**WHAT THE TASK ASKS:**
Where a record contains a picture, omit the picture and repeat the rest exactly.

#### RECORDS FOR THE TASK ####

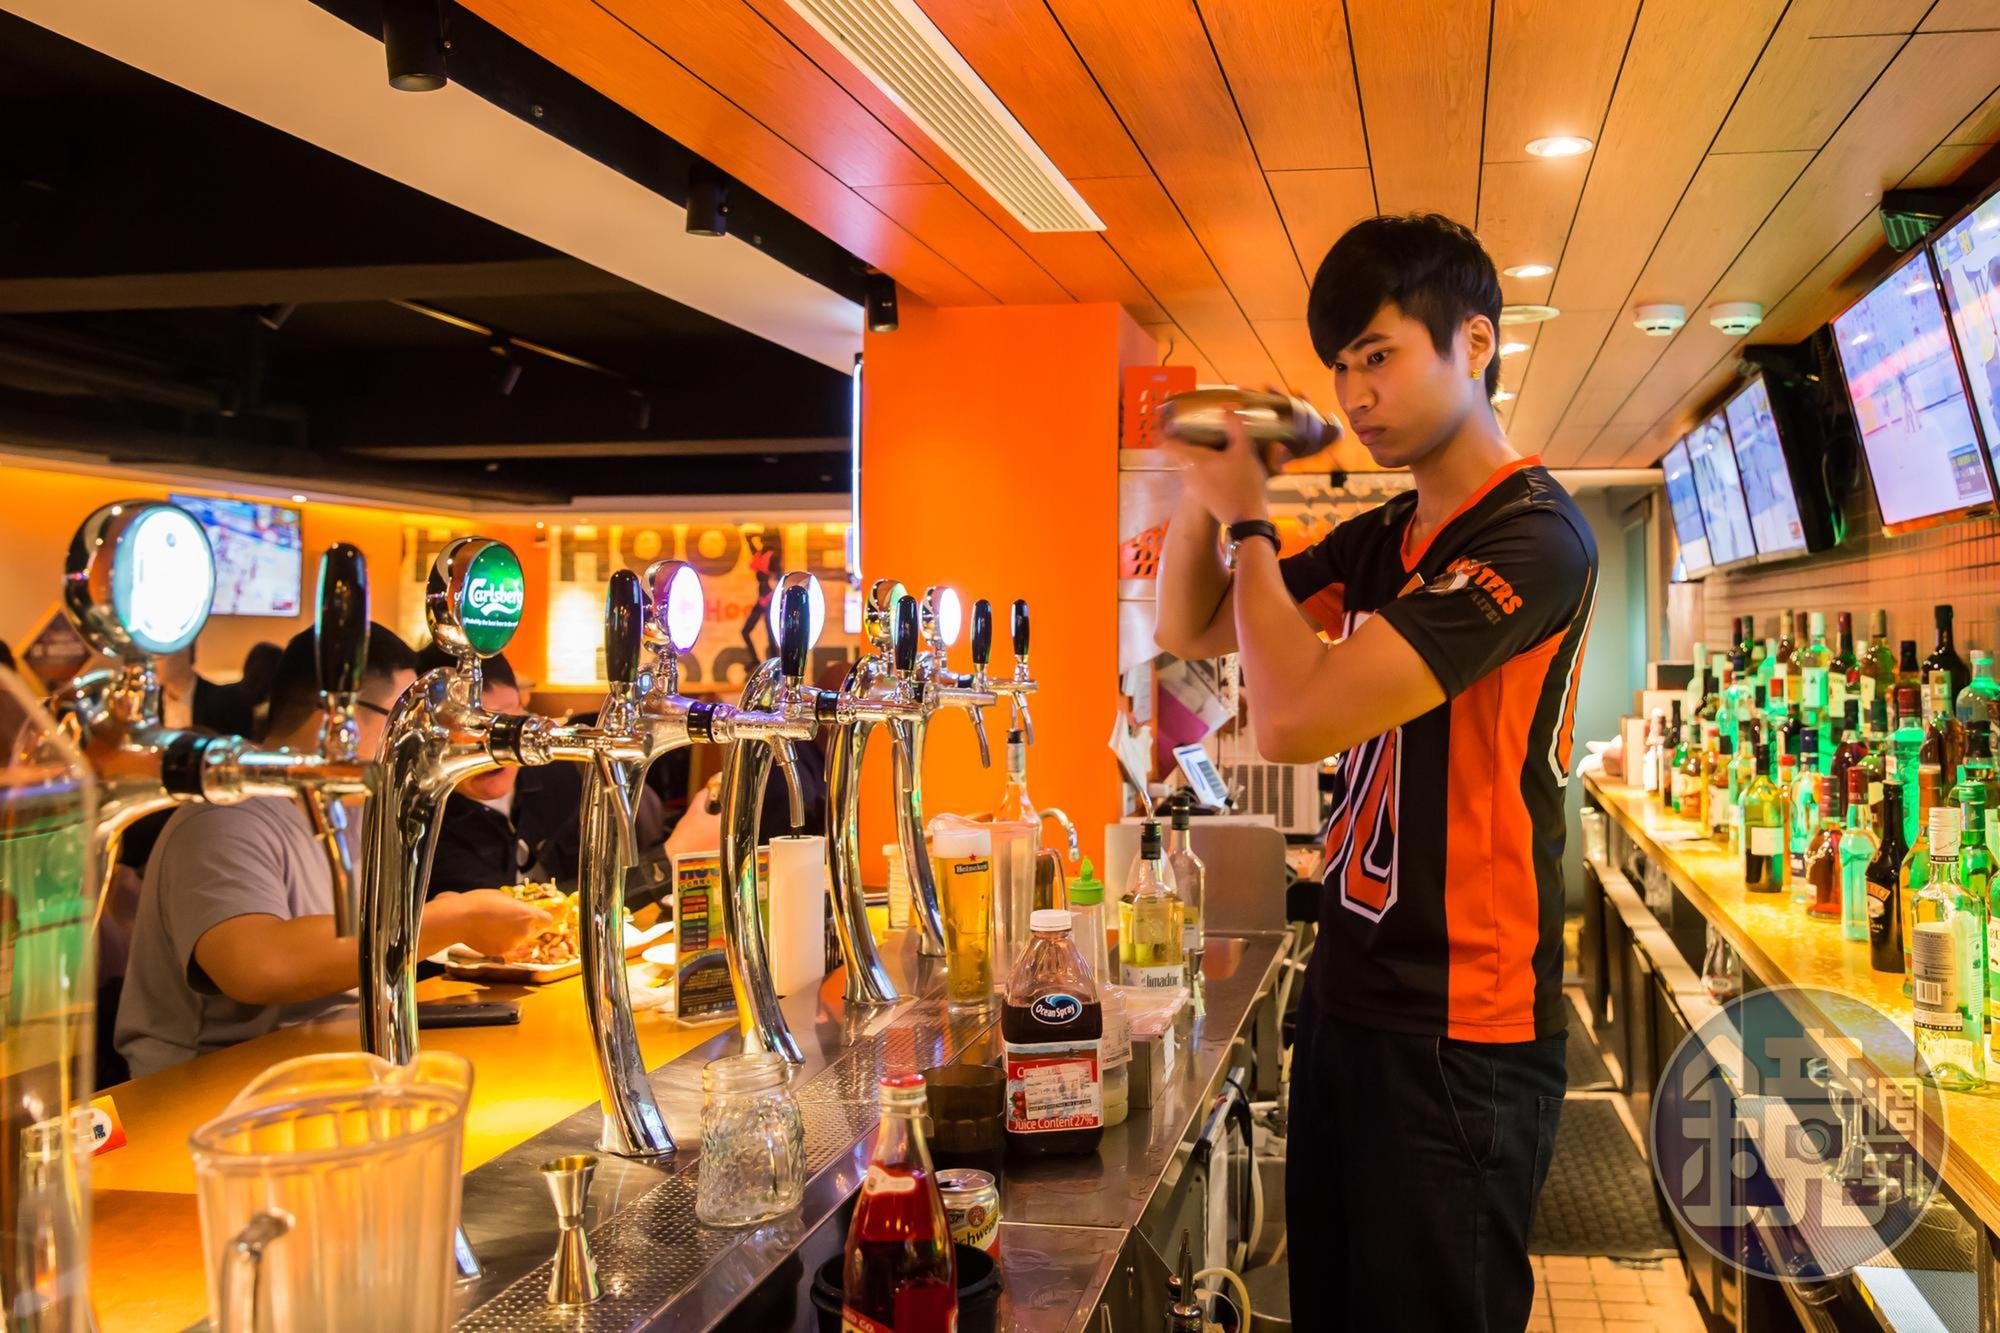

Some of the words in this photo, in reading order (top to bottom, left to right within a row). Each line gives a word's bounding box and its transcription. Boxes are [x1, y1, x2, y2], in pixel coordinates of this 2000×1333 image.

[1035, 1004, 1056, 1017] Ocean
[1056, 1004, 1075, 1019] Spray
[1014, 1118, 1037, 1130] Juice
[1038, 1116, 1074, 1129] Content
[1075, 1115, 1094, 1128] 27%
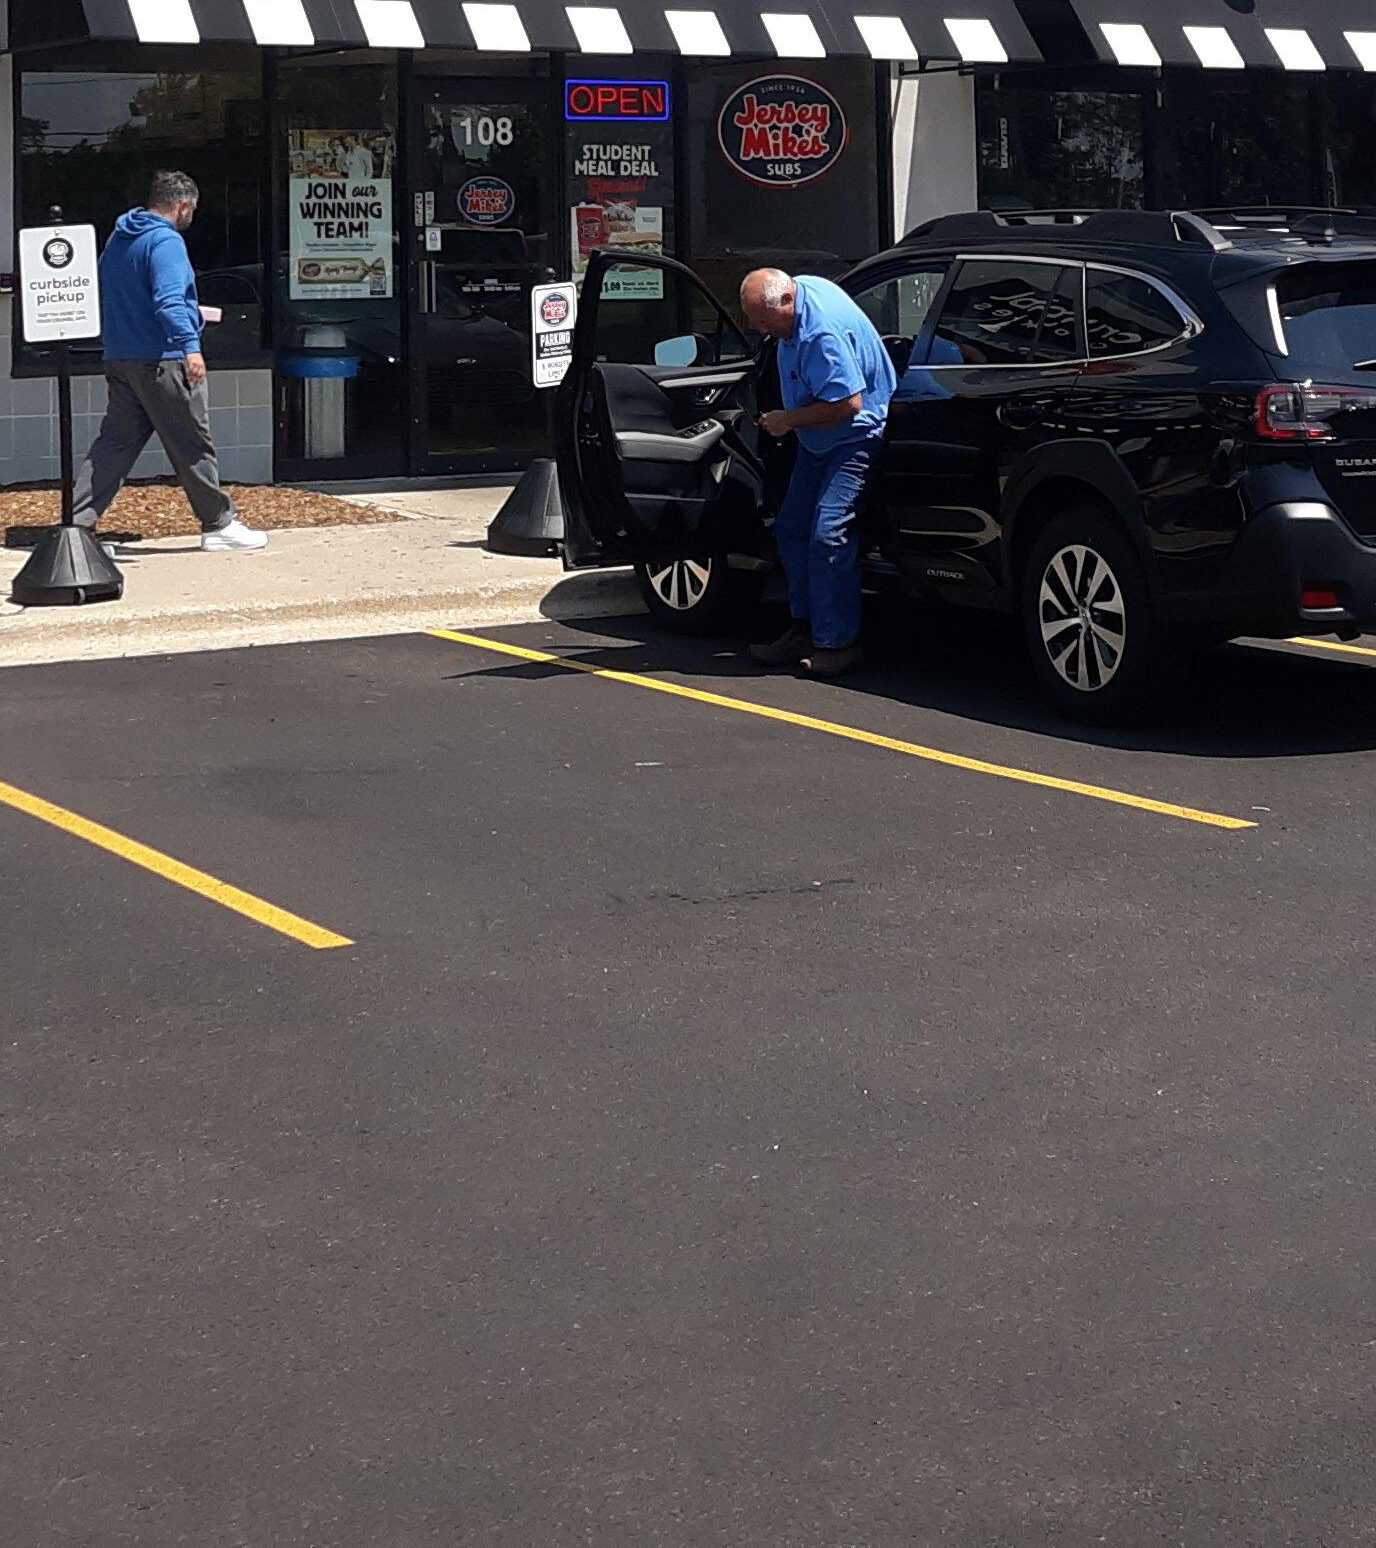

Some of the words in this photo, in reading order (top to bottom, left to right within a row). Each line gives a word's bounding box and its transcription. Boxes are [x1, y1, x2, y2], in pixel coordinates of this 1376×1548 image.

[570, 85, 664, 114] OPEN
[734, 94, 831, 134] Jersey
[460, 116, 514, 146] 108
[582, 144, 652, 161] STUDENT
[740, 126, 830, 161] Mike's
[574, 159, 616, 177] MEAL
[620, 160, 659, 177] DEAL
[766, 162, 802, 177] SUBS
[305, 182, 347, 200] JOIN
[351, 184, 379, 198] our
[464, 184, 508, 201] Jersey
[299, 201, 383, 220] WINNING
[314, 221, 370, 239] TEAM!
[30, 275, 91, 291] curbside
[37, 290, 86, 306] pickup
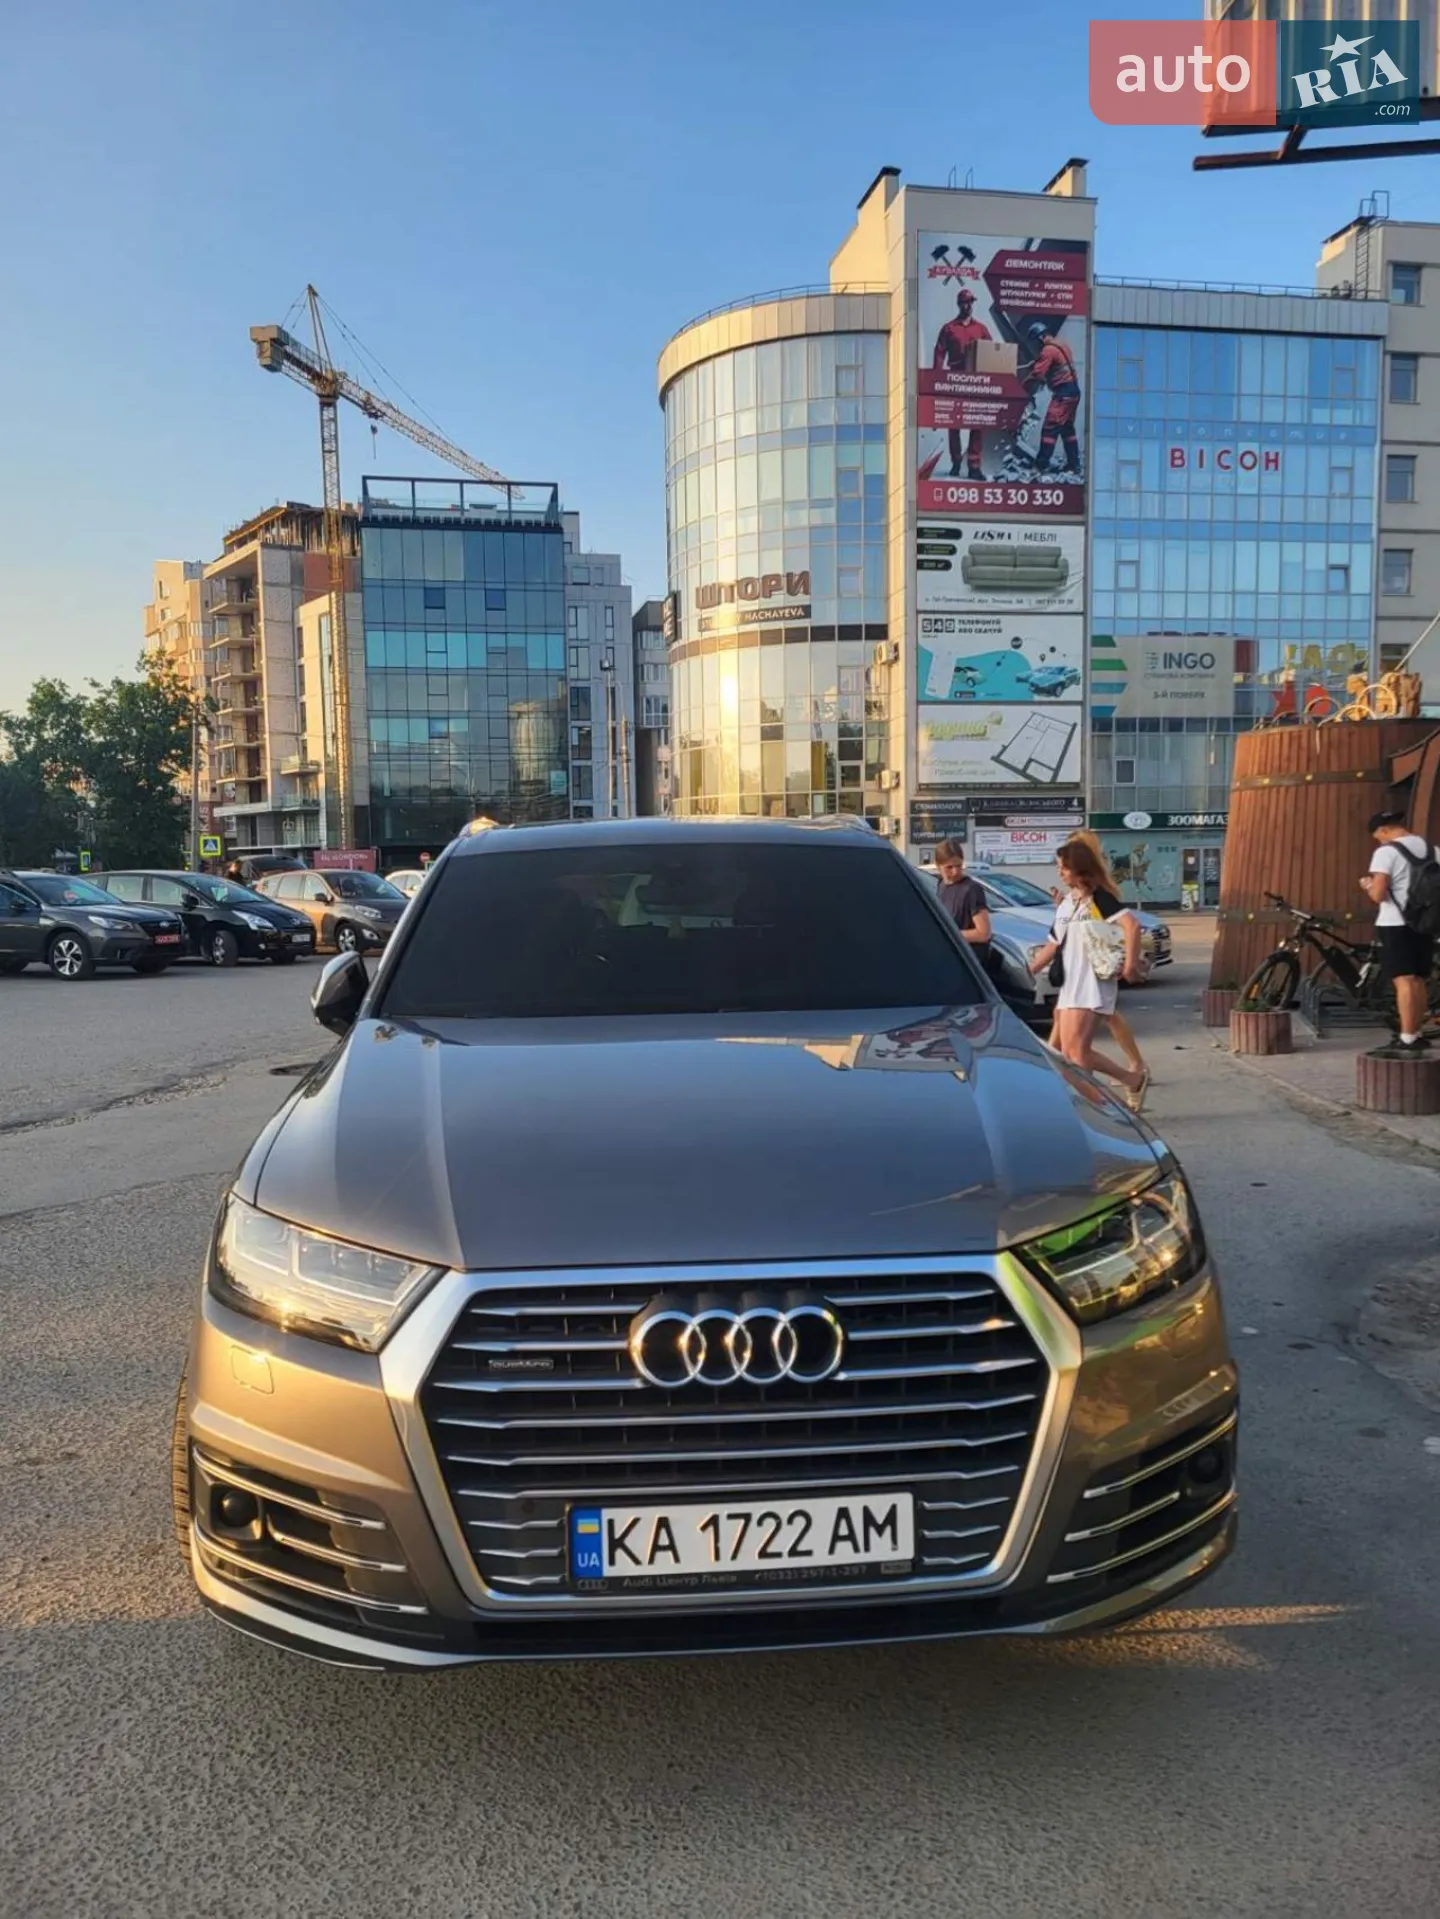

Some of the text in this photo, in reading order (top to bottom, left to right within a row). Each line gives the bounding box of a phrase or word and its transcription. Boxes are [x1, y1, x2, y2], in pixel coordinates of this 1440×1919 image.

[947, 373, 991, 384] ПОСЛУГИ
[947, 487, 1064, 506] 098 53 30 330
[1024, 532, 1057, 542] МЕБЛІ
[695, 570, 811, 609] ШТОРИ
[1163, 651, 1216, 670] INGO
[606, 1502, 899, 1567] KA 1722 AM
[577, 1552, 600, 1568] UA

####

**TASK SOLUTION:**
Some of the words in this photo, in reading order (top to bottom, left to right within a row). Each line gives a word's bounding box and its transcription. Boxes are [x1, y1, x2, y2], in pixel coordinates of this 2000×1333 image.

[1035, 1004, 1056, 1017] Ocean
[1056, 1004, 1075, 1019] Spray
[1014, 1118, 1037, 1130] Juice
[1038, 1116, 1074, 1129] Content
[1075, 1115, 1094, 1128] 27%

Some of the words in this photo, in reading order (top to bottom, left to right within a row). Each line gives a word's bounding box and its transcription. Boxes are [x1, y1, x2, y2], in pixel coordinates of this 1376×1548 image.

[570, 85, 664, 114] OPEN
[734, 94, 831, 134] Jersey
[460, 116, 514, 146] 108
[582, 144, 652, 161] STUDENT
[740, 126, 830, 161] Mike's
[574, 159, 616, 177] MEAL
[620, 160, 659, 177] DEAL
[766, 162, 802, 177] SUBS
[305, 182, 347, 200] JOIN
[351, 184, 379, 198] our
[464, 184, 508, 201] Jersey
[299, 201, 383, 220] WINNING
[314, 221, 370, 239] TEAM!
[30, 275, 91, 291] curbside
[37, 290, 86, 306] pickup

Some of the text in this photo, in reading order (top to bottom, left to right within a row). Each line gives the bounding box of a phrase or word and its transcription. Boxes are [x1, y1, x2, y2], in pixel coordinates of this 1440×1919 image.

[947, 373, 991, 384] ПОСЛУГИ
[947, 487, 1064, 506] 098 53 30 330
[1024, 532, 1057, 542] МЕБЛІ
[695, 570, 811, 609] ШТОРИ
[1163, 651, 1216, 670] INGO
[606, 1502, 899, 1567] KA 1722 AM
[577, 1552, 600, 1568] UA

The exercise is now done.